Sure some people don’t want to have any kind of discussion over immigration being anything other than beneficial and won’t entertain conversations saying otherwise, I don’t really think that’s particularly the case in this thread.
‘You can’t even say racist things these days without being called a racist!’
Hey I’m personally perfectly happy to have the ‘conversations you can’t have’ (despite immigration being an almost ever-present top 3 political topic in a slew of nations), but not if it’s prefaced with some of the invective it often is
On October 08 2024 08:22 BlackJack wrote: Kamala's not just doing "Call Her Daddy" Podcast. She's also going to be on Howard Stern, The View, and Late Nite with Stephen Colbert. Of course there are lots of serious journalists that would love an opportunity to interview Kamala. It would be nice if she gave as much attention to answering questions from the press as she does to giving softball interviews with podcasters that are happy to cheerlead for her.
60 Minutes isn't a serious interview? Trump backed out of it, too.
60 Minutes is very friendly territory and not a serious interview. Case in point, it was discovered that 60 Minutes edited the interview to delete a wordy non-answer and make her appear more competent:
Obviously this kind of dishonest editing would never be extended to someone like Sarah Palin who is also known for giving nonsensical answers.
This is the same program that ran a hit piece on George Bush using documents it failed to authenticate which ended up costing Dan Rather his career.
They also tried to run a ridiculous hit piece on DeSantis accusing him of partnering with a large grocer/pharmacy to assist with the vaccine rollout because they donated to him.

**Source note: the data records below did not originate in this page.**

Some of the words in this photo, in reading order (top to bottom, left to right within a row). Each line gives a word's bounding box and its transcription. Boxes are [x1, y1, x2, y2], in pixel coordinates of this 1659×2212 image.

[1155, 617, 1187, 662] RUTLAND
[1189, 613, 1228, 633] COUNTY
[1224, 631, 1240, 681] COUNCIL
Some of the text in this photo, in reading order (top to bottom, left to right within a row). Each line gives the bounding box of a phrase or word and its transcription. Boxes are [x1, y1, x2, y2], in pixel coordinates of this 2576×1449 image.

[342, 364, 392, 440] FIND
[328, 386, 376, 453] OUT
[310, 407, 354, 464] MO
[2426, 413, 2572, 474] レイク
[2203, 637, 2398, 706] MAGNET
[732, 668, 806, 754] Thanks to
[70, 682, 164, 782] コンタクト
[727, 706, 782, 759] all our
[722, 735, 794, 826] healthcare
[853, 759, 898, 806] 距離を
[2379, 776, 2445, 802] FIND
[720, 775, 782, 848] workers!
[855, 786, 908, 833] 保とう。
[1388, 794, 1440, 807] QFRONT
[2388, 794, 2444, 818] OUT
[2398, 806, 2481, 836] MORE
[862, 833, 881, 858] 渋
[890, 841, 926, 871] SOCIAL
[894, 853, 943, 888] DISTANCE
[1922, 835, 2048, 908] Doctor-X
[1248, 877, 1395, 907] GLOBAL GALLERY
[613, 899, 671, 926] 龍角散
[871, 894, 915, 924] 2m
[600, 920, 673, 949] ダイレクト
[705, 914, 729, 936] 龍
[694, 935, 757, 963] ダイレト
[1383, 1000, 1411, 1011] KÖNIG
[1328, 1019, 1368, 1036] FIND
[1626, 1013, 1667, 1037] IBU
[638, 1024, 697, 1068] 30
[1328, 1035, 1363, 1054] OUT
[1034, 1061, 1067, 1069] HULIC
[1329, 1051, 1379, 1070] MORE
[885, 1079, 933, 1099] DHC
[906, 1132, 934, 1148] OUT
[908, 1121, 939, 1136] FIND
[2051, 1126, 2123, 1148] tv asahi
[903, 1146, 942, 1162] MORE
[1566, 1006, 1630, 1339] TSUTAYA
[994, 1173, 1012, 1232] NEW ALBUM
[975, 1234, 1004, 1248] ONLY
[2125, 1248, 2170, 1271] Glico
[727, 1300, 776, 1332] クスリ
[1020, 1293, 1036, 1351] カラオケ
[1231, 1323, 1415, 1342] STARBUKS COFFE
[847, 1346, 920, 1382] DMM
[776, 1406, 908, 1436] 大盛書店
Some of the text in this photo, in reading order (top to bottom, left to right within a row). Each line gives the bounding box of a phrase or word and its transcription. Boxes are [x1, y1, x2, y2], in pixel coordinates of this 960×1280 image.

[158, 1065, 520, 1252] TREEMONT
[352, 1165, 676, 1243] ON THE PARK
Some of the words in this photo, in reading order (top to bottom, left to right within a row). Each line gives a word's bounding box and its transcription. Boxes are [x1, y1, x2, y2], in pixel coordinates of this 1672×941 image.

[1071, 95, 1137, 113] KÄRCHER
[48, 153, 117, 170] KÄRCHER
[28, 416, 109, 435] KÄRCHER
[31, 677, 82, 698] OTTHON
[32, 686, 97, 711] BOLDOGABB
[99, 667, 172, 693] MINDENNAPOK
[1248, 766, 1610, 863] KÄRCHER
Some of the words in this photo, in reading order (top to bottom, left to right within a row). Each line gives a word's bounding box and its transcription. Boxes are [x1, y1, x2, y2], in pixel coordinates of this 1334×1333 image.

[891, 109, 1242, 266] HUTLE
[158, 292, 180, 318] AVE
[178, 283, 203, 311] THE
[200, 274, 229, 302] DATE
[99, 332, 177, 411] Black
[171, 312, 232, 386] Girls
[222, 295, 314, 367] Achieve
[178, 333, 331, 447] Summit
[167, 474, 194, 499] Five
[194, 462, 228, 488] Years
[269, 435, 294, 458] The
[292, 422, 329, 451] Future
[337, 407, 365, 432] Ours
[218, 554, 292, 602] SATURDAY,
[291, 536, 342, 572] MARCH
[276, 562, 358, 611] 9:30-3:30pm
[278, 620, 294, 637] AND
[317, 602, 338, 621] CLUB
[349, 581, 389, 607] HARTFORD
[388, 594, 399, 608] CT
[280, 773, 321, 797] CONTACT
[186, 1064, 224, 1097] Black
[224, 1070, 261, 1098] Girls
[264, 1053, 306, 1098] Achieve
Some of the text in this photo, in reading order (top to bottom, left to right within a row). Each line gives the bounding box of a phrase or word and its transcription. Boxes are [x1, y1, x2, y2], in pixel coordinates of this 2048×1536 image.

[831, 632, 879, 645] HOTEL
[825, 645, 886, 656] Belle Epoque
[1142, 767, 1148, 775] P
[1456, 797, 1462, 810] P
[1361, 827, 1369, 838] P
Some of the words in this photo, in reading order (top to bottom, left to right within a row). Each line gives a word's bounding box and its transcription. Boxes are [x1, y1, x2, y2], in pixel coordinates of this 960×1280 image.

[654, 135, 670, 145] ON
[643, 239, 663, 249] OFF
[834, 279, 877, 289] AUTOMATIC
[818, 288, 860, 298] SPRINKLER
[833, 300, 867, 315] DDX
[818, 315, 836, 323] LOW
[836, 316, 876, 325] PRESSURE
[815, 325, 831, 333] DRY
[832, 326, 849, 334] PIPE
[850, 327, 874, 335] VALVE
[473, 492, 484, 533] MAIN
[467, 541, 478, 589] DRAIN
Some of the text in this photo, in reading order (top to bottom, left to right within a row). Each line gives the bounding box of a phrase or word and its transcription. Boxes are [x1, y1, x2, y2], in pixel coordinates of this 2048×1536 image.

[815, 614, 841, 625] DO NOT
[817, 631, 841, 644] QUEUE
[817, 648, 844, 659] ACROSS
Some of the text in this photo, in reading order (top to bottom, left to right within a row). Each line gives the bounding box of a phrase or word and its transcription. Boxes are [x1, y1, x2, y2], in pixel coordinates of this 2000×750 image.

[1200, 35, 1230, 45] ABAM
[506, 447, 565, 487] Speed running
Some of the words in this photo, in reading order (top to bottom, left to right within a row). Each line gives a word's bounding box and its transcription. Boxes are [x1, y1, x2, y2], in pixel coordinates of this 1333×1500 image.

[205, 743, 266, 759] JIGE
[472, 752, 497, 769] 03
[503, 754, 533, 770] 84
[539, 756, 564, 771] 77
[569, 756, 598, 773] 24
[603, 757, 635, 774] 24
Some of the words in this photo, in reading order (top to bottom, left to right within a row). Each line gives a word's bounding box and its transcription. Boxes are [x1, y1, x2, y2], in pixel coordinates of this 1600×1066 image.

The mayor of the city where this happened and the director of Florida's Division of Emergency Management both came out and said the story was malarkey and DeSantis's office never even recommended this pharmacy. Both of them are Democrats by the way.
It's really a shame because 60 Minutes used to be one of the most esteemed programs in television history and it was quite literally the #1 show in the country for many years. Now it's just another example of why people have lost trust in the mainstream media to tell the truth. Selectively editing an interview to make a candidate look more favorably is not journalism, it's propaganda.
Which goes back to what I said originally, there is a reason she is doing interviews with Call Her Daddy, Howard Stern, Stephen Colbert and the ladies on the View and why she doesn't take questions from the press. She's VP because she was chosen to balance the ticket, not for her ability to govern or answer questions.